[Extracted records]
════════════════

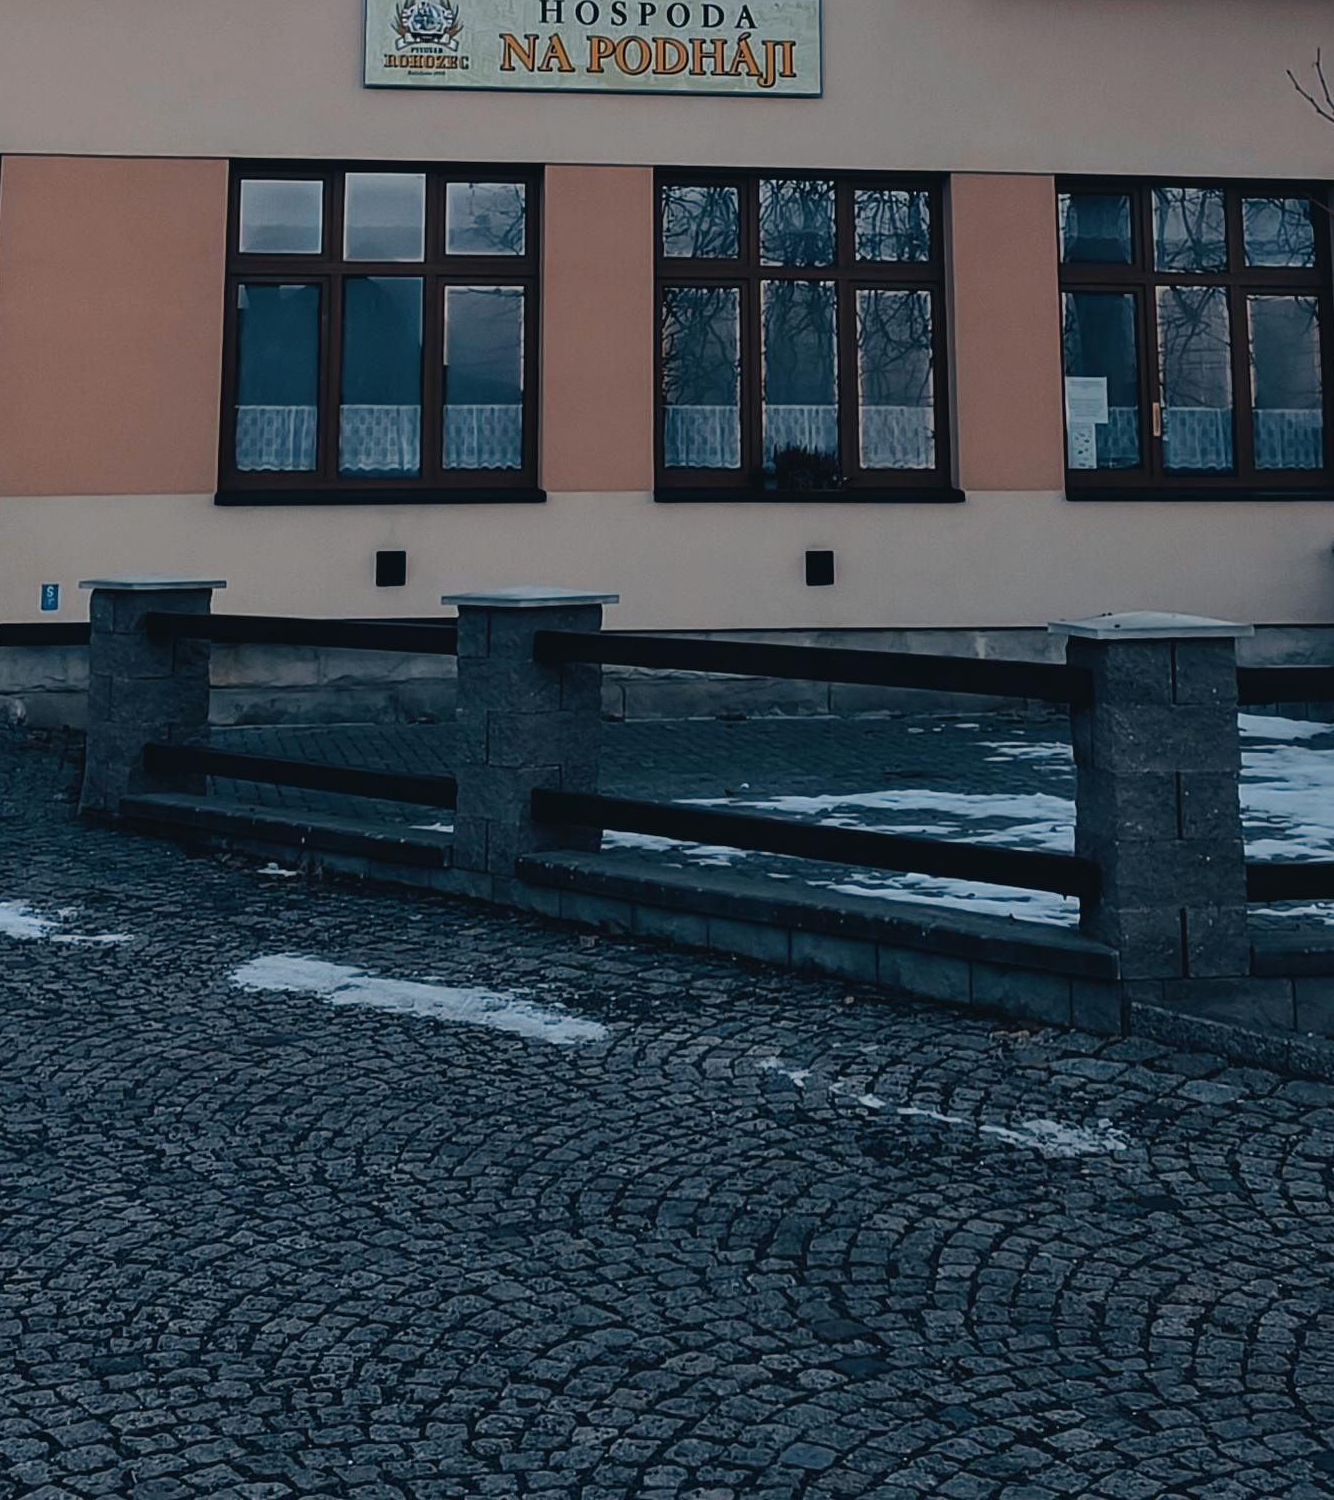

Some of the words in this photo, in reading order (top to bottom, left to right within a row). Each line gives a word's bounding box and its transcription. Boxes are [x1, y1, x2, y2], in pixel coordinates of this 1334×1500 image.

[539, 0, 757, 29] HOSPODA
[499, 33, 575, 73] NA
[586, 31, 797, 88] PODHÁJI
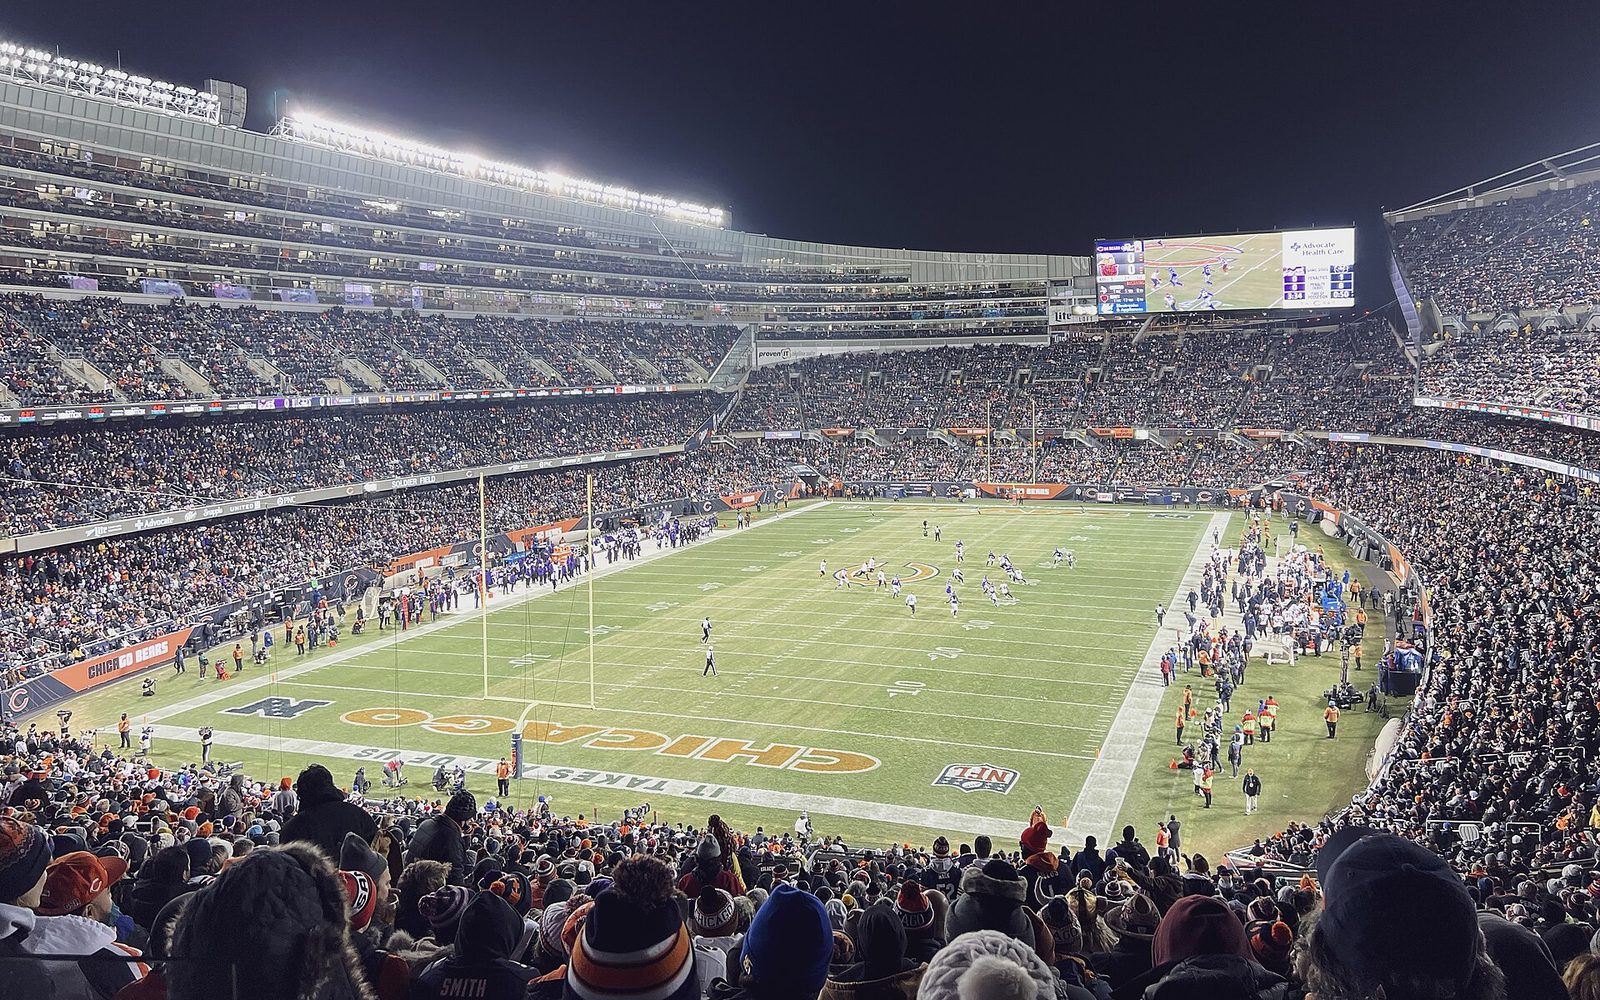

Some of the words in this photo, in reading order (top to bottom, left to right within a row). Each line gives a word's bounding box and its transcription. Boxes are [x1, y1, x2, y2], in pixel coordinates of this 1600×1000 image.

[1055, 312, 1072, 323] Lite
[391, 479, 417, 489] SOLDIER
[419, 475, 436, 484] FIELD
[229, 503, 254, 513] UNITED
[143, 516, 174, 528] Advocate
[87, 652, 134, 680] CHICAGO
[135, 640, 169, 663] BEARS
[887, 680, 927, 698] 10
[340, 707, 881, 774] CHICAGO
[353, 748, 401, 761] US
[407, 754, 456, 767] OF
[547, 768, 670, 792] TAKES
[954, 765, 1009, 783] NFL
[683, 783, 728, 798] IT
[439, 977, 487, 997] SMITH
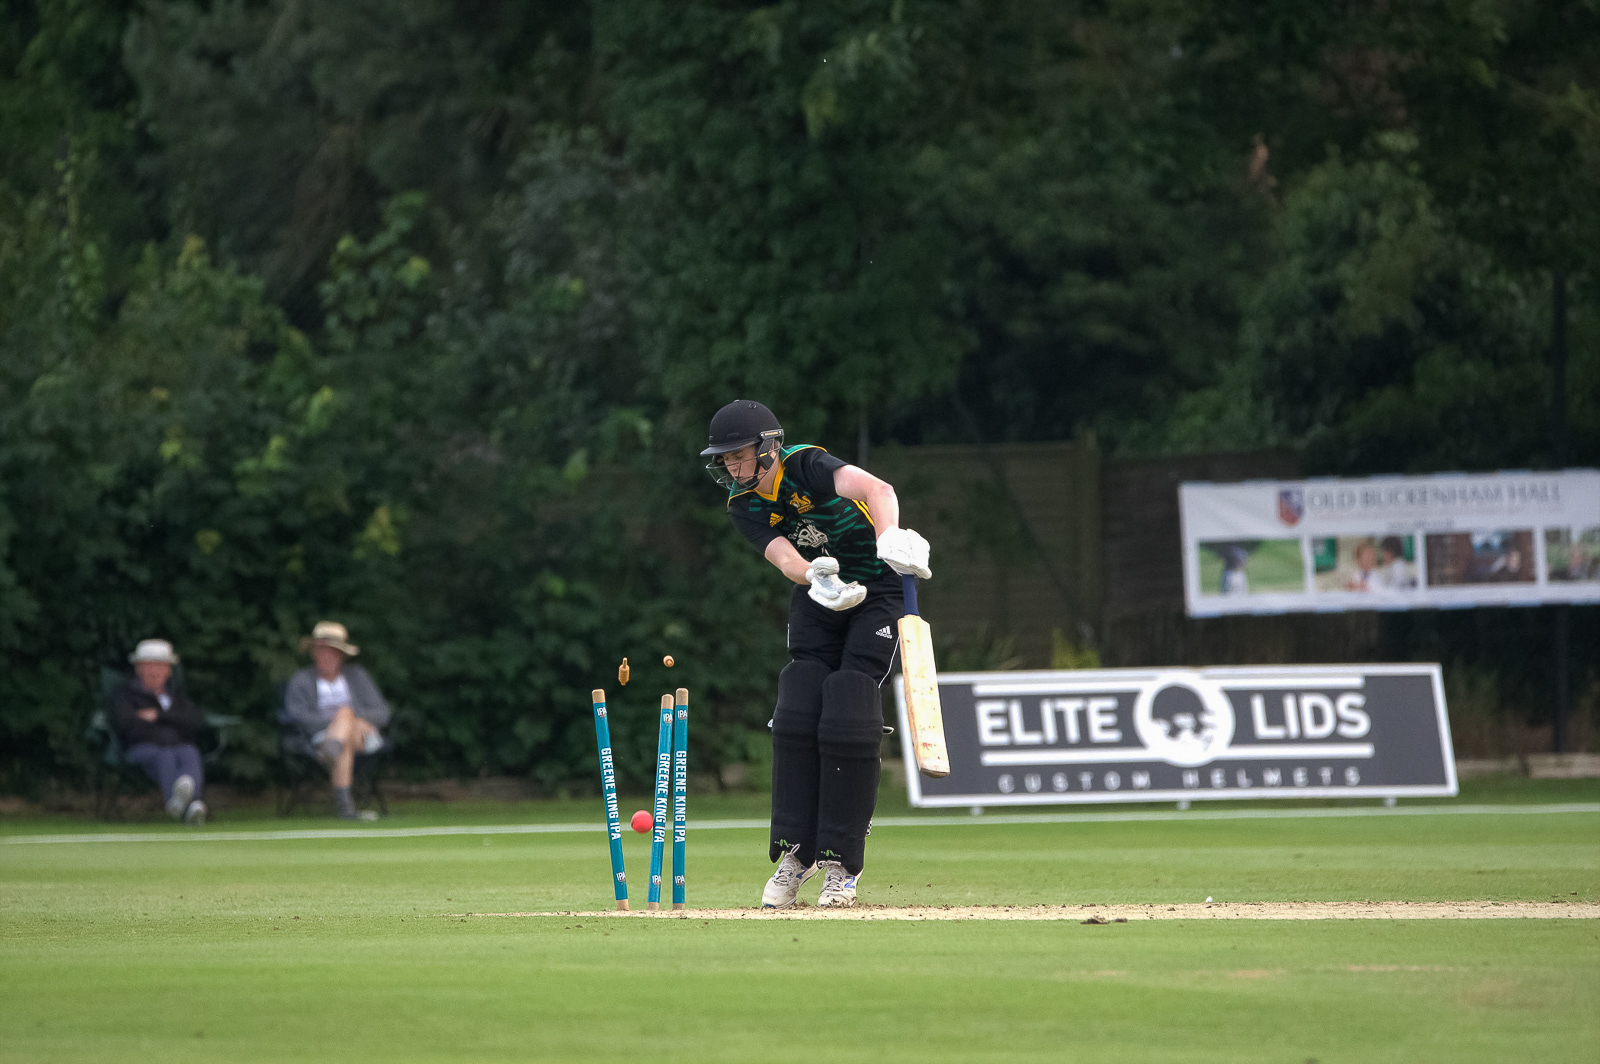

════════════════

# [Task statement]
Reproduce the complete set of records verbatim and omit the pictures.

# [Answer space]
Some of the words in this photo, in reading order (top to bottom, left to right within a row). Each line gives a word's bounding box and its transcription. Boxes are [x1, y1, x2, y2], in pixel coordinates of this 1334×1500 image.

[539, 0, 757, 29] HOSPODA
[499, 33, 575, 73] NA
[586, 31, 797, 88] PODHÁJI

Some of the words in this photo, in reading order (top to bottom, left to right within a row). Each line gives a word's bounding box and its transcription. Boxes are [x1, y1, x2, y2], in pixel coordinates of this 1600×1000 image.

[1055, 312, 1072, 323] Lite
[391, 479, 417, 489] SOLDIER
[419, 475, 436, 484] FIELD
[229, 503, 254, 513] UNITED
[143, 516, 174, 528] Advocate
[87, 652, 134, 680] CHICAGO
[135, 640, 169, 663] BEARS
[887, 680, 927, 698] 10
[340, 707, 881, 774] CHICAGO
[353, 748, 401, 761] US
[407, 754, 456, 767] OF
[547, 768, 670, 792] TAKES
[954, 765, 1009, 783] NFL
[683, 783, 728, 798] IT
[439, 977, 487, 997] SMITH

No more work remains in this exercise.